第809話 ユグドラシル10
*
米屋の前に肉屋によった。
エルフの国には似合わないな肉屋。
いや、寄るけど!
「牛肉、豚肉、鶏肉、羊肉、へぇ、鹿肉にラクダ肉何てのもあるのか?」
「はい。種類も豊富ですよ。牛だけでも、縞牛、虹牛、花牛、飛牛等、色々ありますからね」
「一通り買っていくか、店主全部10kgずつ頼むぜ」
「ユキマサ君、ここは私が払うね」
「気持ちだけで十分だ。生活資金から出す」
いやいや、払う。気にすんな。の数回のやり取りの後、クレハが折れ「ありがとう。ご馳走さまです」と、最後に言って来た。
「噂には聞いてましたが、実物を見ると更に驚きですね〝アイテムストレージ(大)〟は」
10kgの塊の肉をポンポンと収納する俺にシルヴィアが感嘆の声をあげる。
「まだまだ入るぜ? 便利だよなこのスキル」
「ユキマサ君はチートだよ。ホント」
「アルテナにも言われたなぁ」
元気かなアルテナ。意外とこの様子をこっそり見てたりしてな。ごめん俺賞金首になったよ!
「桜も何か食べたいものはあるか?」
「わ、私ですか? 私は王宮で食べたバケットがまた食べたいです」
「バケットか、じゃあパン屋だな」
「ユキマサさん、あのバケットはウチのコックの特製なのでパン屋にはありませんよ? よろしければ、作るように手配しますが?」
「そうなのか。悪い、頼めると助かる」
「お任せください」
するとシルヴィアが軽く手をあげると、どこからともなく忍びのようなエルフが現れる。
シルヴィアが「バケットをたくさん用意しなさい」と、伝言を伝えると「御意」と、返事をし忍びエルフは空に消えた。
ていうか、護衛は断ってたのにこれはいいのか? まあ、連絡要員だからいいのか。
*
エルフの街は豊かだった。大通りは賑わいを見せ、少し入った路地裏ですら小綺麗かつ浮浪者の姿も見受けられない。
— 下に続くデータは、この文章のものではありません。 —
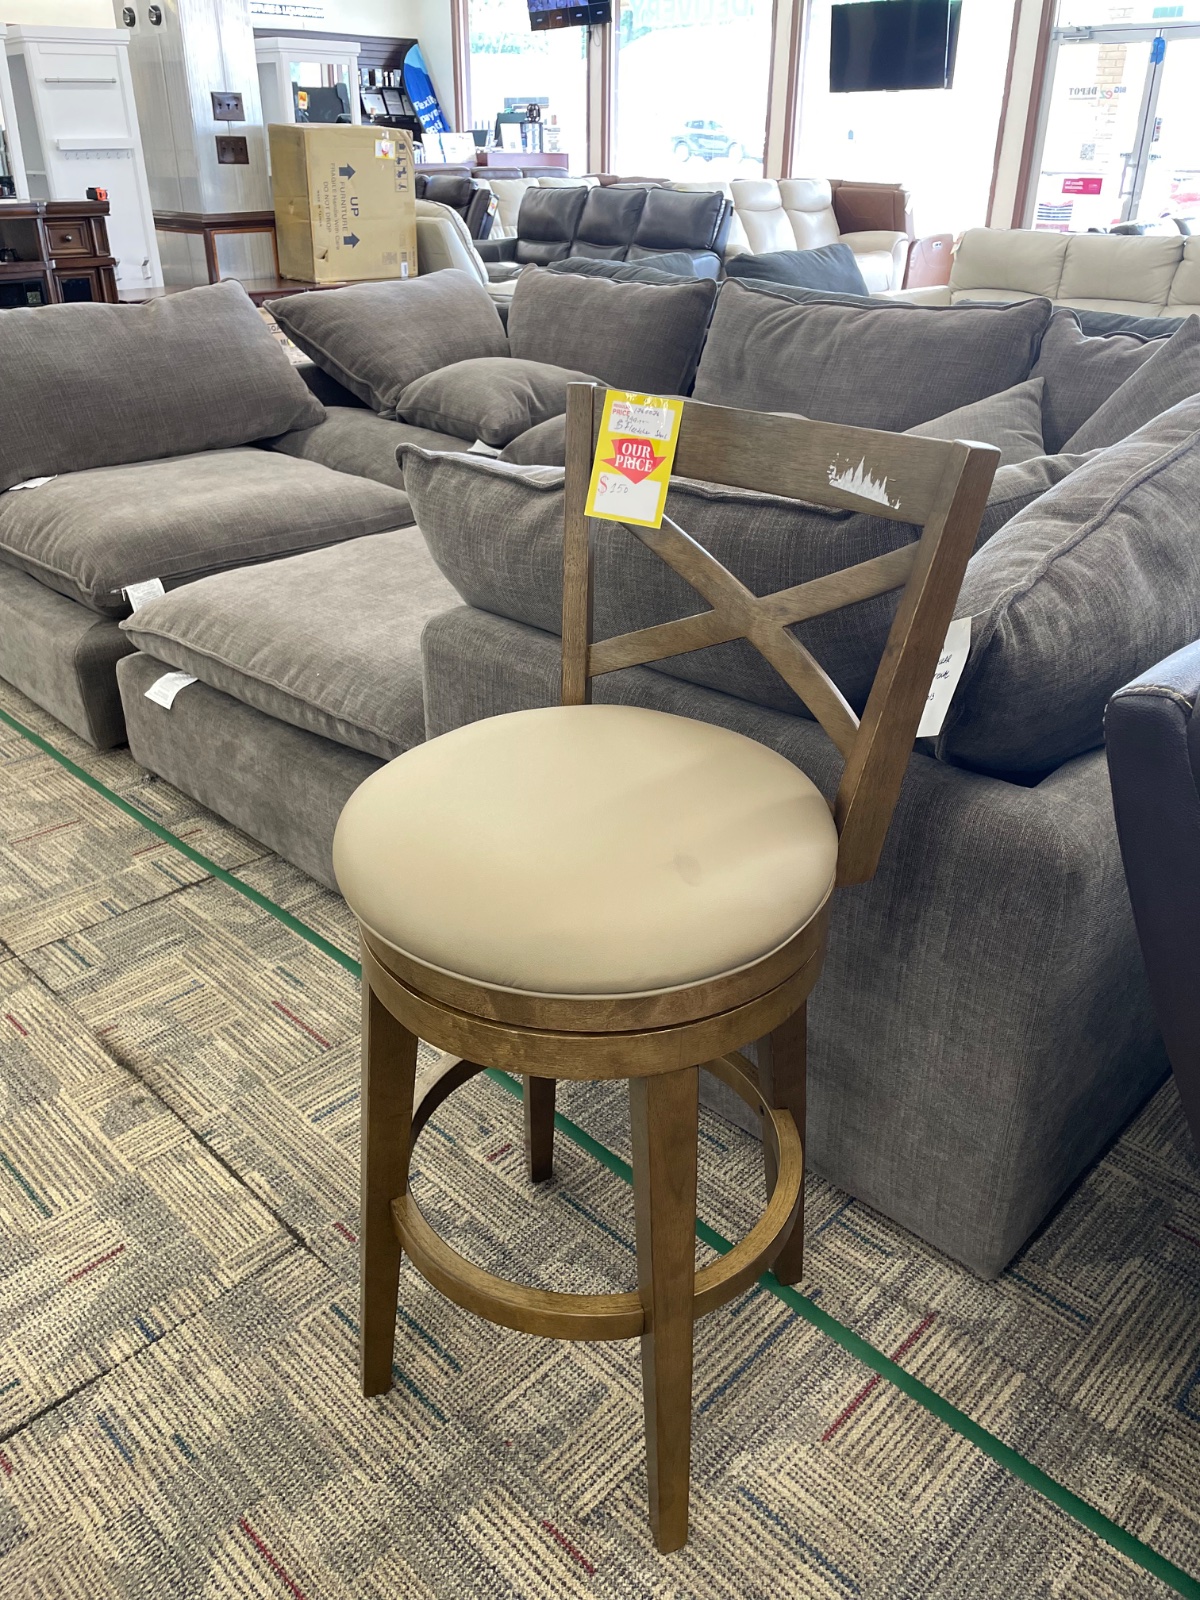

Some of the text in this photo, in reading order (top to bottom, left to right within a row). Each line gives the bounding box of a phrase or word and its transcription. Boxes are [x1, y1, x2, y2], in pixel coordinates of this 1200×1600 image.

[323, 181, 329, 192] DO
[340, 181, 348, 232] FURNITURE
[350, 196, 359, 217] UP
[612, 409, 631, 417] PRICE
[621, 442, 651, 459] OUR
[614, 455, 654, 473] PRICE
この国では物々交換の文化が深く根付き、驚くことに店の売上が良い店があると、売上が芳しく無い店に金銭を分け与える風習まであるらしい。
「良い街だな」
ボソッと、俺は思ったことを口に出す。
「ありがとうございます」
シルヴィアはまるで自分が誉められたかのように嬉しそうだ。実際、シルヴィアの国だしな。
その後も街ぶらをしながら歩いてると不意にシルヴィアが口を開いた。
「そうです皆さん、ラムネを飲みに行きませんか?」
「ラムネ?」
ラムネかぁ。駄菓子屋とかかな?
「少し先の森にラムネの湧く泉があるんです。これもこの都市の名物なんですよ」
「ラムネが湧いてるのか!? いいねぇ、是非行こう! クレハも桜もいいよな?」
「うん! 私も賛成」
「私もです」
「では、こちらへ。10分程度で着きますよ」
笑顔のシルヴィアに導かれ俺たちはラムネの湧く泉を目指すのだった。